University Boulevard to get a facelift
Tuscaloosa News – Nov. 9
University Boulevard between campus and DCH Regional Medical Center, a gateway entrance to the University of Alabama, will undergo a facelift that will include landscaped medians. Besides the seven traffic medians placed in the middle of the road, the nearly $1.6 million project by the university will place decorative lighting, benches and bike racks along sidewalks as well as shade trees on both sides of the street. The project will also widen the current 6-foot sidewalk to 10 feet to handle bike and foot traffic. The project was given initial approval by trustees Friday, but since University Boulevard is a state highway, there are still more hurdles to clear. “It’s a long-term goal to make this a much softer appearance entrance of the campus,” said Tim Leopard, UA assistant vice president for planning and construction. University Boulevard is Tuscaloosa’s portion of Alabama Highway 215, and UA staff have worked with the Alabama Department of Transportation on the project. A nearly $1.1 million grant from ALDOT will pay for the bulk of the work…The widened sidewalk, meant to encourage bicycles, will ultimately extend further to Sixth Avenue. The sidewalk is part of a larger effort at UA to install bike lanes, said Dan Wolfe, university planner. Five years ago, there were no bike lanes on campus…“We’ve made great strides in the last five years where we had next to none, and we’ve made biking much safer,” Wolfe said….

Details on SEC Championship tickets released
Crimson White – Nov. 9
UA students who want to buy Southeastern Conference Championship game tickets must be placed on a ticket request list beginning today. Students must go to actcard.ua.edu and add themselves to the waiting list between 8 a.m. today and 5 p.m. Tuesday…

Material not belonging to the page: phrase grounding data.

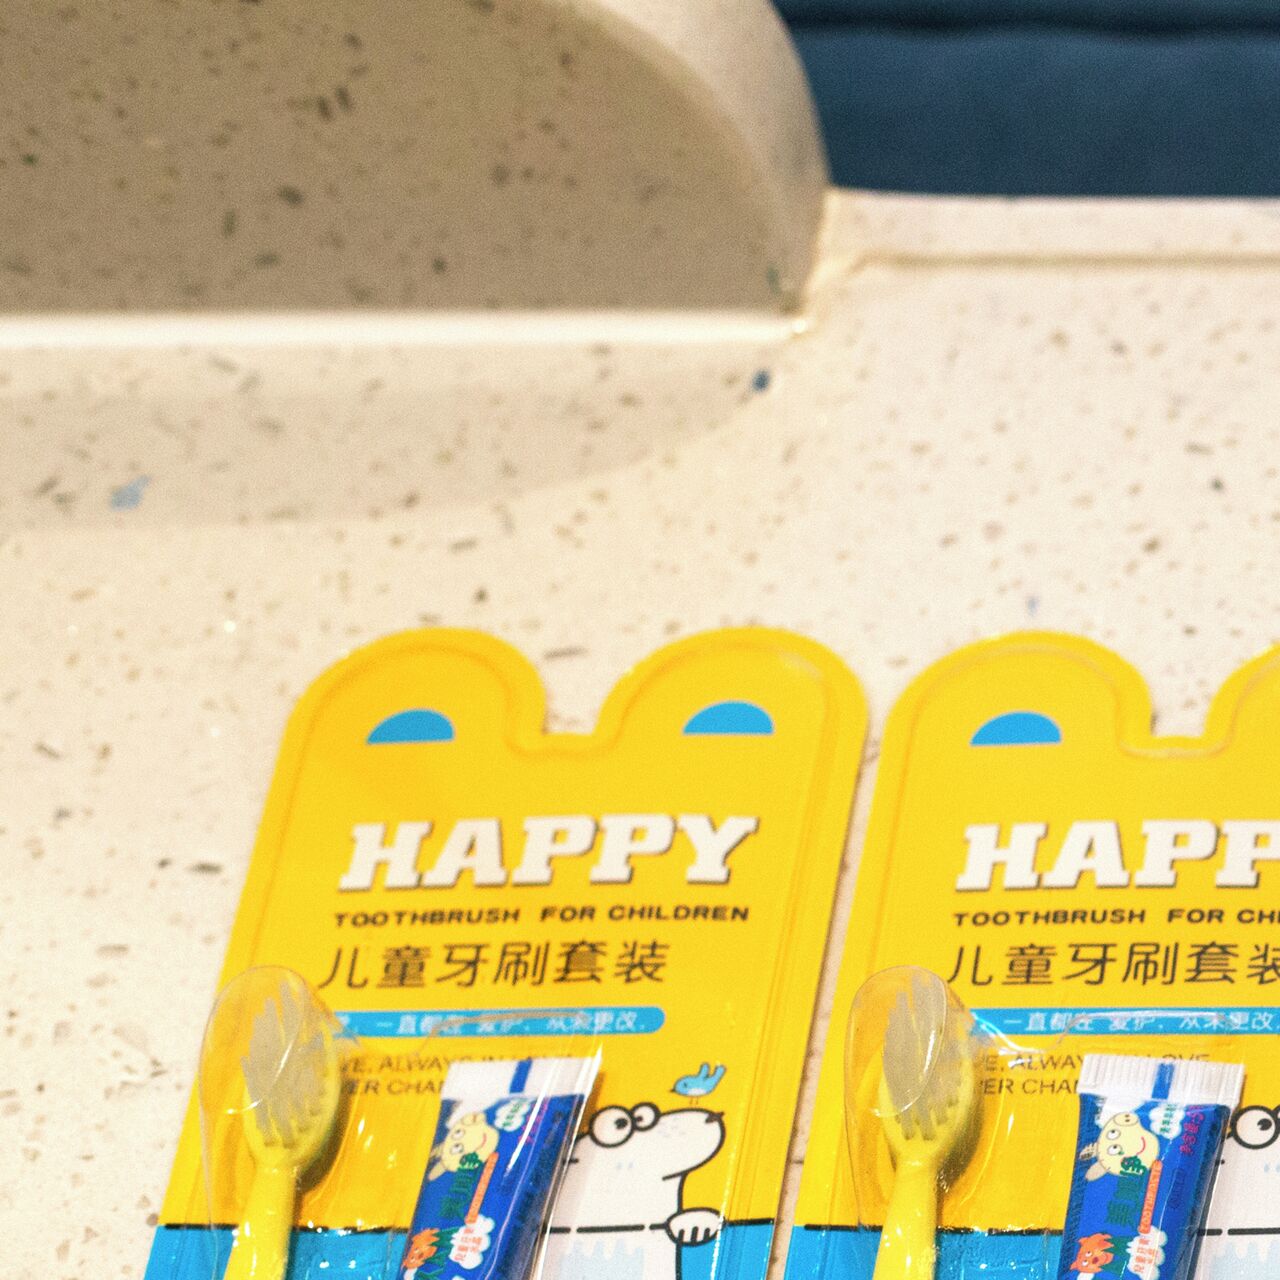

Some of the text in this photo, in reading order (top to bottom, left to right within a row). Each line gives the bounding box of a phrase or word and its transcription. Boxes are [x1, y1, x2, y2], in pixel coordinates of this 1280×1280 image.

[337, 813, 758, 892] HAPPY
[334, 905, 750, 928] TOOTHBRUSH FOR CHILDREN
[954, 909, 1146, 928] TOOTHBRUSH
[1168, 909, 1224, 924] FOR
[317, 940, 670, 991] 儿童牙刷套装

Panel members offer personal perspectives of Berlin Wall’s fall
Tuscaloosa News – Nov. 7
…Lazda was one of three speakers on a panel Friday night discussing the events that led to the night of Nov. 9, 1989, when the Berlin Wall fell. The “Twenty Years After the Fall” panel discussion was held on the University of Alabama campus in the Ferguson Center Theater. Barbara Fischer, a UA German professor, opened the evening by stressing the dire situation facing citizens on both sides of the wall after the partitioning of Germany and its capital, Berlin, after World War II…UA history professor Margaret Peacock then gave a brief overview on the history of the wall…Lazda, a member of UA’s German studies faculty, and Steffen Guenzel, part of the UA English faculty, then spoke about their personal perspectives of the wall’s collapse…

A lesson on an arboretum
Tuscaloosa News – Nov. 9
…Here in Tuscaloosa, we are fortunate that a small group of professors and administrators had the vision in 1956 to set aside 60 acres in east Tuscaloosa as a living laboratory. Over the ensuing 50-plus years, the arboretum’s directors have focused and refined the founders’ original idea. Today, the museum that is the University of Alabama arboretum specializes in the study and display of native woody and herbaceous plants of Alabama. This collection includes specimens representing many of Alabama’s ecological zones including a number of rare, threatened and endangered plants. The arboretum also has a role in promoting and teaching sustainable gardening practices. In addition to offering botanical and horticultural education and preservation in their communities, arboreta are oases. They are places for exercise and a tranquil break from the hectic pace of daily life. The University of Alabama Arboretum is open seven days a week from 8 a.m. to sunset. There is no admission charge.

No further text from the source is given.